Cannot logout after authenticating

I was aware of the logout problem, but thanks for linking the issue! You're very helpful.

Because httpauth works differently, I cannot use the fix securesite uses (I think). The httpauth module does not send the WWW-Authenticate header unless access was denied, so it can't send another random realm.

So that means in addition to sending a 'random' realm, I need to check if the browser authenticates using this realm. In order to do that, I need Digest authentication. So that is to be done first.

So, digest authentication is no solution. See http://drupal.org/node/97658

Marked #147296 as a duplicate.

Note that this problem has a low priority because this module is not meant to be used from the browser, but from other clients like an RSS news reader.

In writing the HTTP auth module for the Gallery project, we discovered the following tricks for logging out with HTTP authentication:

Because most web browsers cache HTTP auth credentials, the Gallery logout link didn't work as expected after logging in with HTTP auth. Gallery correctly logged out the active user but the web browser simply logged in again with the next request.

To work around this, the HTTP auth module listens for the Gallery::Logout event and delegates to the httpauth.TryLogout view if necessary: http://gallery.svn.sourceforge.net/viewvc/gallery/trunk/gallery2/modules...

The TryLogout page tries clearing the browser's authentication cache by as many tricks possible:

* Ask browser to authenticate with bogus authtype:

GalleryUtilities::setResponseHeader('HTTP/1.0 401 Unauthorized', false);
GalleryUtilities::setResponseHeader('WWW-Authenticate: Bogus', false);

* Redirect with random username and password. This won't actually clear the browser's authentication cache but will replace it with an invalid username and password. Since Gallery ignores invalid HTTP auth credentials, this effectively logs the user out.

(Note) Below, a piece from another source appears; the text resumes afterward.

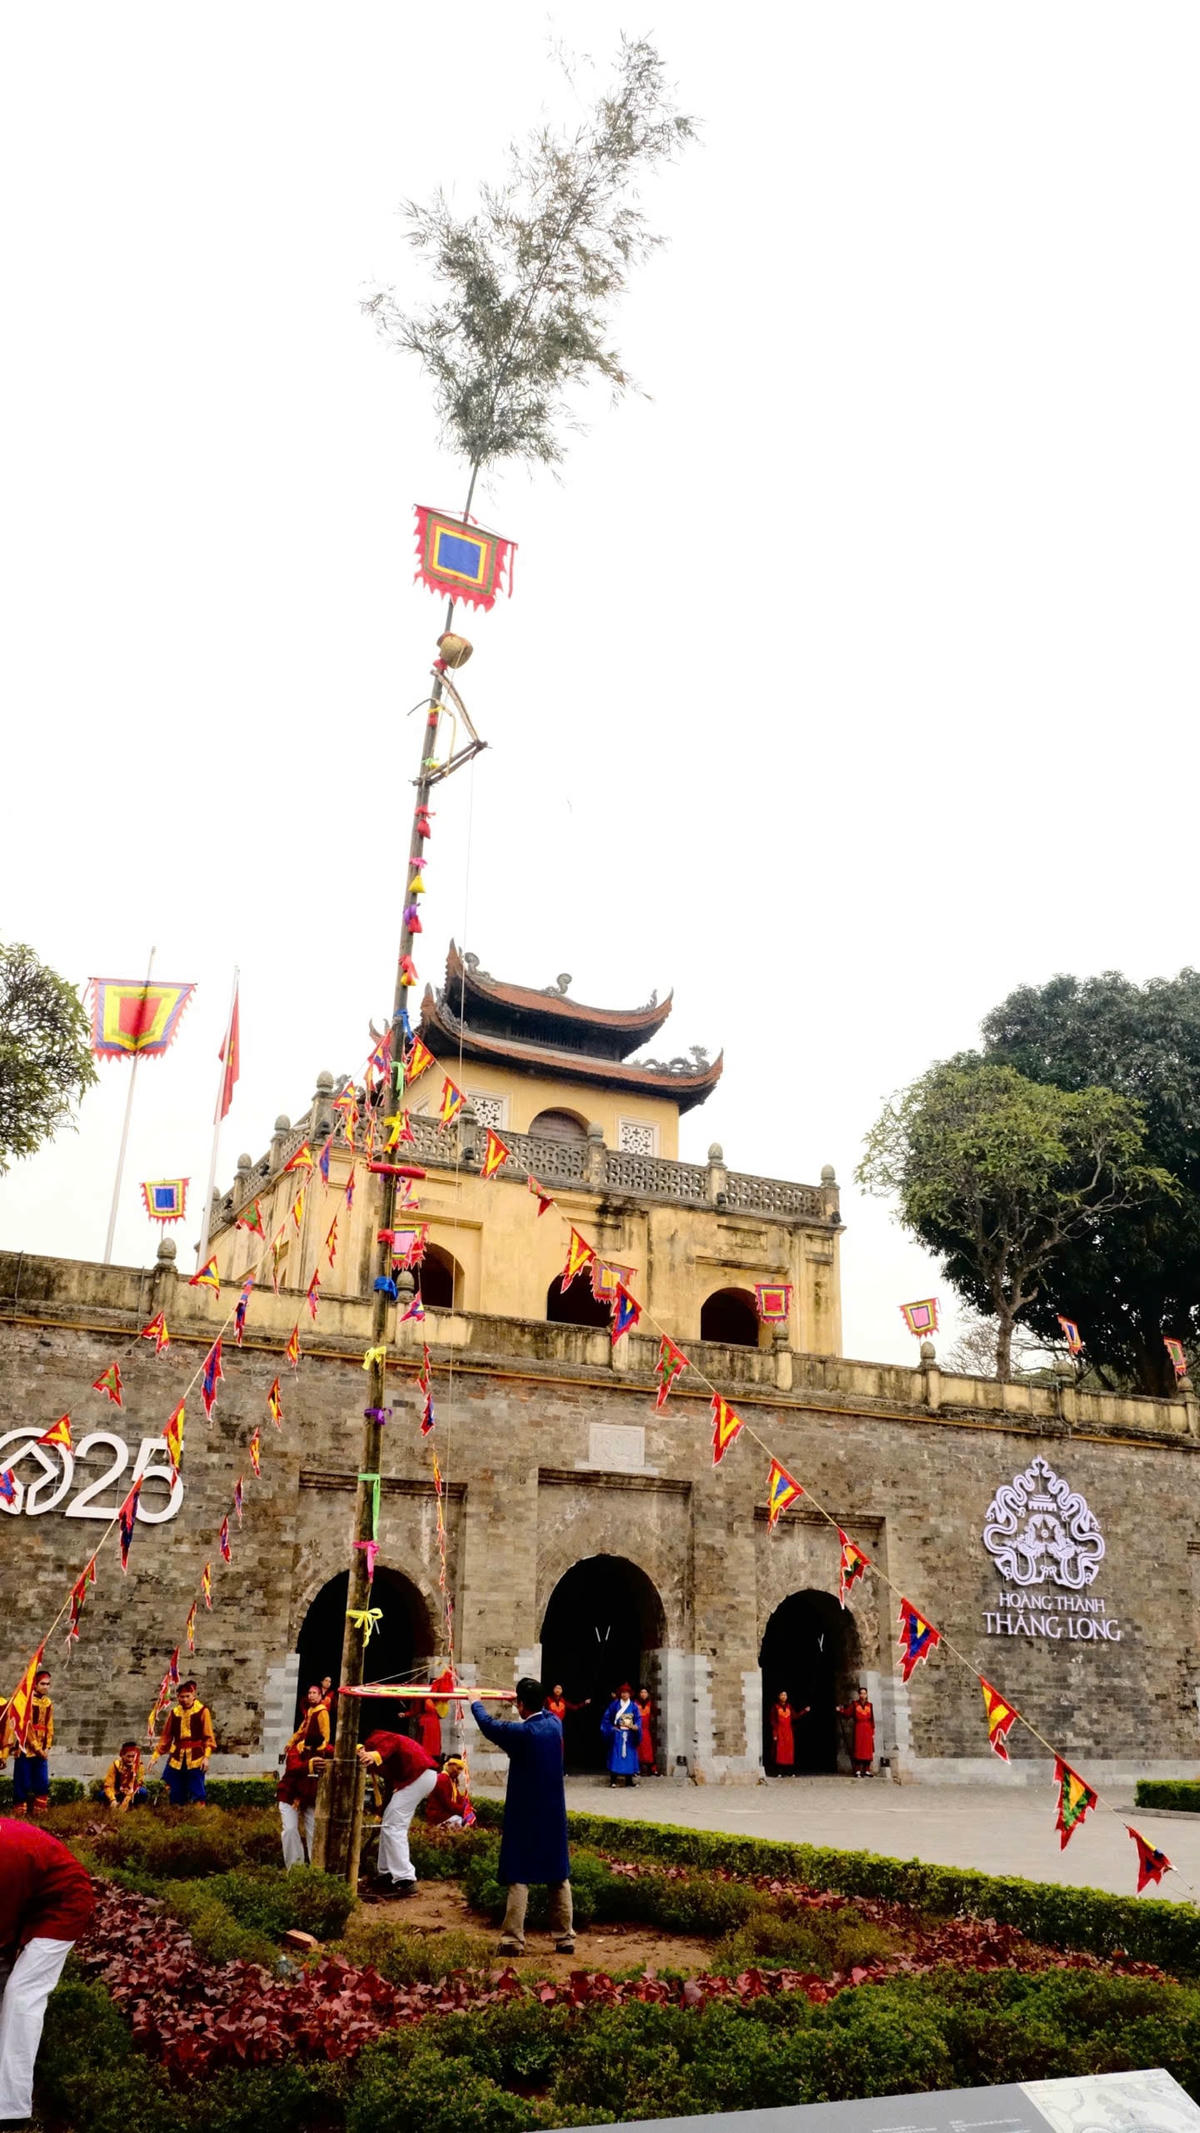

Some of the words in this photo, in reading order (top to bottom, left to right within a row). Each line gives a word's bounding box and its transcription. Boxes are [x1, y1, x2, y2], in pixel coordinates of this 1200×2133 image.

* Clear Internet Explorer's authentication cache with JavaScript:

try {ldelim}
{* http://msdn.microsoft.com/workshop/author/dhtml/reference/constants/clea... *}
document.execCommand("ClearAuthenticationCache");
{rdelim} catch (exception) {ldelim}
{rdelim}

The TryLogout page redirects to the FinishLogout page for two reasons:

1. To replace the browser's authentication cache with an invalid username and password
2. To check that the user was indeed logged out. If the user was logged out, the FinishLogout page redirects back to the Gallery application. Otherwise it displays a warning advising the user to manually clear their authentication cache (Clear Private Data in Firefox).

The TryLogout page redirects to the FinishLogout page using JavaScript and falls back on a manual link. It can't use a 302 Found status because the page needs to load for the Internet Explorer JavaScript to execute and because we can't put an invalid username and password in a Location: header.

http://codex.gallery2.org/Gallery2:Modules:httpauth

Thanks, jablko, that's very helpful!

This looks very interesting. But how do I implement it?

I've installed the http authorisation module, enabled it and set "Promote HTTP authentication on pages:" to "node". Works fine, but can't logout.